A crushing disappointment.
A crushing disappointment.
A crushing disappointment. I thought I’d best just get that out of the way immediately. In essence, that’s my whole review, but I don’t really want to seem like a chippy muso hack, so let’s look at why I felt the need to write those three words.
I’ll be honest, I never really gave much time to Shine Through, Blacc’s debut album on Stone’s Throw records but then, there’s no mention of it over at his official website either, so maybe we should just draw a line under it hey? As for Good Times, well, I loved that album. LOVED it. Still do. It’s a smart, sophisticated soul album brimming with heart, passion and oozing style. It’s a cracking record from start to finish, daring in places (that sublime Velvet Underground cover, for instance) and chucking quality tunes at you at every turn. You all know how successful I Need A Dollar has been, it’s still played all over the place but there’s great work all over the record and Blacc toured that album for years, its popularity growing steadily country by country. He put the leg work in for that record, there’s no denying it, and in doing so he’s looked to reap the rewards as best he can. When I got the chance to see him play live, I felt I was trult watching a star in ascendance. I couldn’t wait to see what he did next.
Sadly, his move to Interscope records seems to have completely ruined him. Why do I say that? Well, now that he’s on a label with such esteemed marketing brands as Eminem, will.i.am and Lady fucking Gaga of all people he seems to have been swallowed up by the marketing machine and what they’ve spit out the other side is…. Well, let’s look at this in detail.
For starters, look at that cover. Aloe Blacc is young, stylish and incredibly handsome. Girls love him. Plenty guys do too. He’s cute and he can sing, so why not have a picture of him floating in mid-air holding his hat? Seriously, it looks like a perfume advert. It’s an image that speaks not of style but of fashion and, well, it’s a worrying sign to begin with. Sadly, the music itself follows a similar pattern.
I’m not lying when I say that, for the most part, this feels like a fucking Westlife record. It’s shiny, it’s polished and it’s so incredibly safe and diluted for the masses (for the most part) that you may as well check the tv schedules to see what national talent shows need a guest star, because this is pure mainstream pop fodder of the blandest order and you’ll be hearing it EVERYWHERE this year. And that’s really depressing. That track he did with Avicii is currently selling ridiculous numbers around the world, for valid reasons, but if the cheesy, mawkish, acoustic version of Wake Me Up, which opens this album, had been released first, then that crossover success may never have happened. Honestly, this version is pathetic. It feels cheesy and half-arsed and as an opening track it’s too light and fluffy to do anything to you whatsoever except make you want to turn on the radio and listen to the Avicii version.
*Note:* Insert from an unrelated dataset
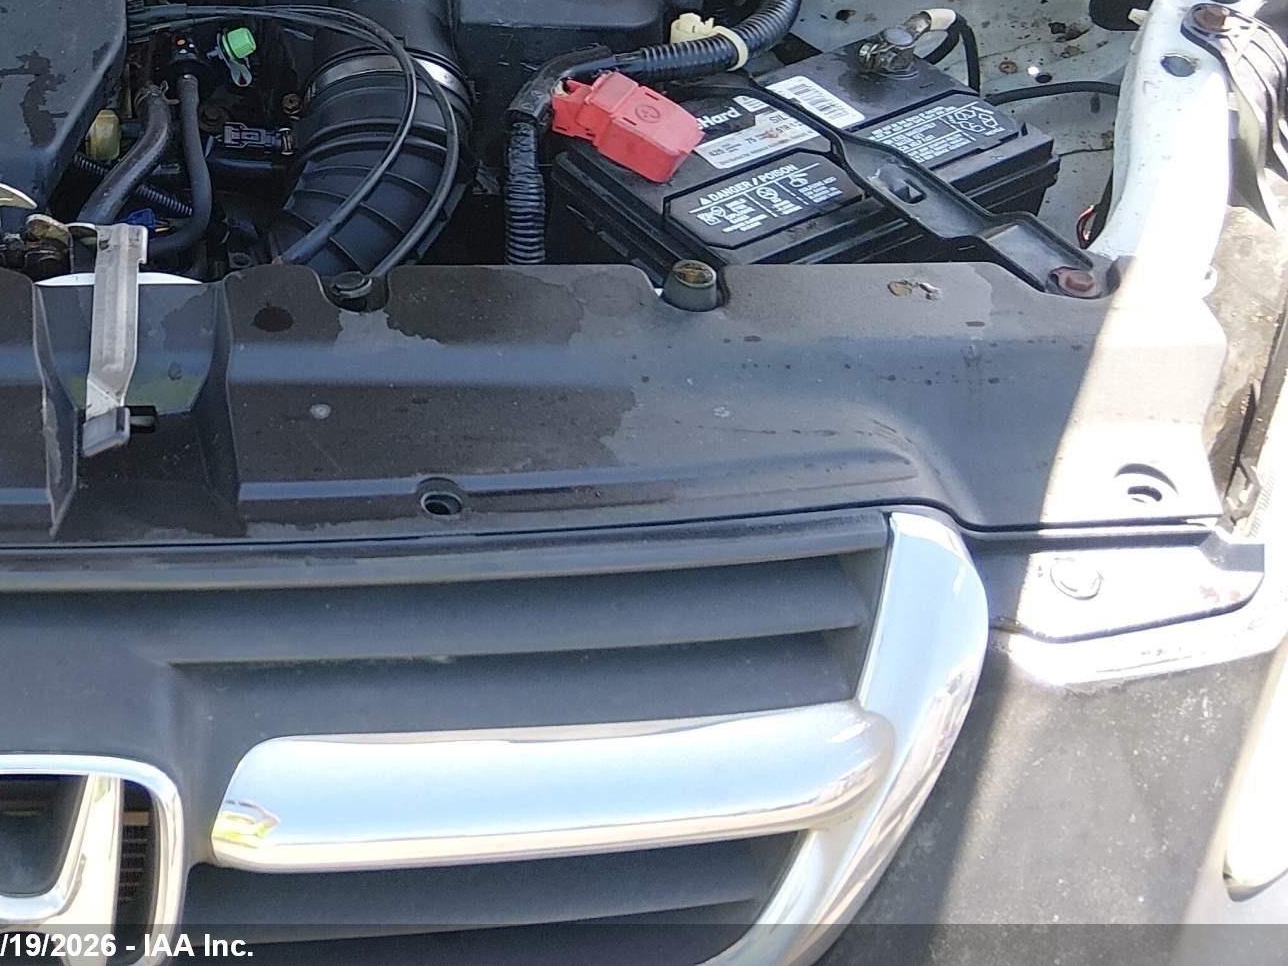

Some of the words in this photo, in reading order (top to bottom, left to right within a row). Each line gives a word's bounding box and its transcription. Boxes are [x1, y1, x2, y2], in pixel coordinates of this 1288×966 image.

After that, you get half a dozen polished numbers, so shiny that the Backstreet Boys would have shunned them for not being edgy enough. Love Is The Answer brings a collaboration with Pharell to the table but it’s a package that delivers very little of note and for the most part you’ll probably be just scratching your head wondering what the hell happened to the guy that produced Good Times? Where’s the guy behind Life So Hard and Take Me Back? Well, he turns up – FINALLY – on track 8, Red Velvet Seat but let’s not get too carried away. It is, after all, a song about a cushion. Still, it’s a step in the right direction and if it takes upholstery to instigate that, then so be it.
In the end though, I’m left with a sense of having watched a guy I admire sail right past me and into waters where I don’t wish to venture. I’m sure this album will sell bucketloads. I’m sure it will find its audience because the marketing machine at Universal will target them effectively. You’ll hear these songs in adverts. You’ll hear these songs in tv programs. You’ll see Aloe Blacc perform on Simon Cowell shows. He’ll be everywhere and the girls will love him because he’s small, cute and he can sing like a dream. It won’t be long before he has a clothes line out and he’ll be selling perfume and god knows what else. And you know what? I wish him luck. I wish him all the success in the world. The only thing is, I’ll be sitting over here, on my cushion no less, remembering the Good Times.
This isn’t the album I wanted. It’s a crushing disappointment, for me, personally but I’m savvy enough to know that this simply wasn’t made for me. When the marketing machine spat out the statistics , a fat, white, middle aged bloke who likes old soul records wasn’t part of their target demographic.
This ship has sailed. God bless all who sail in it.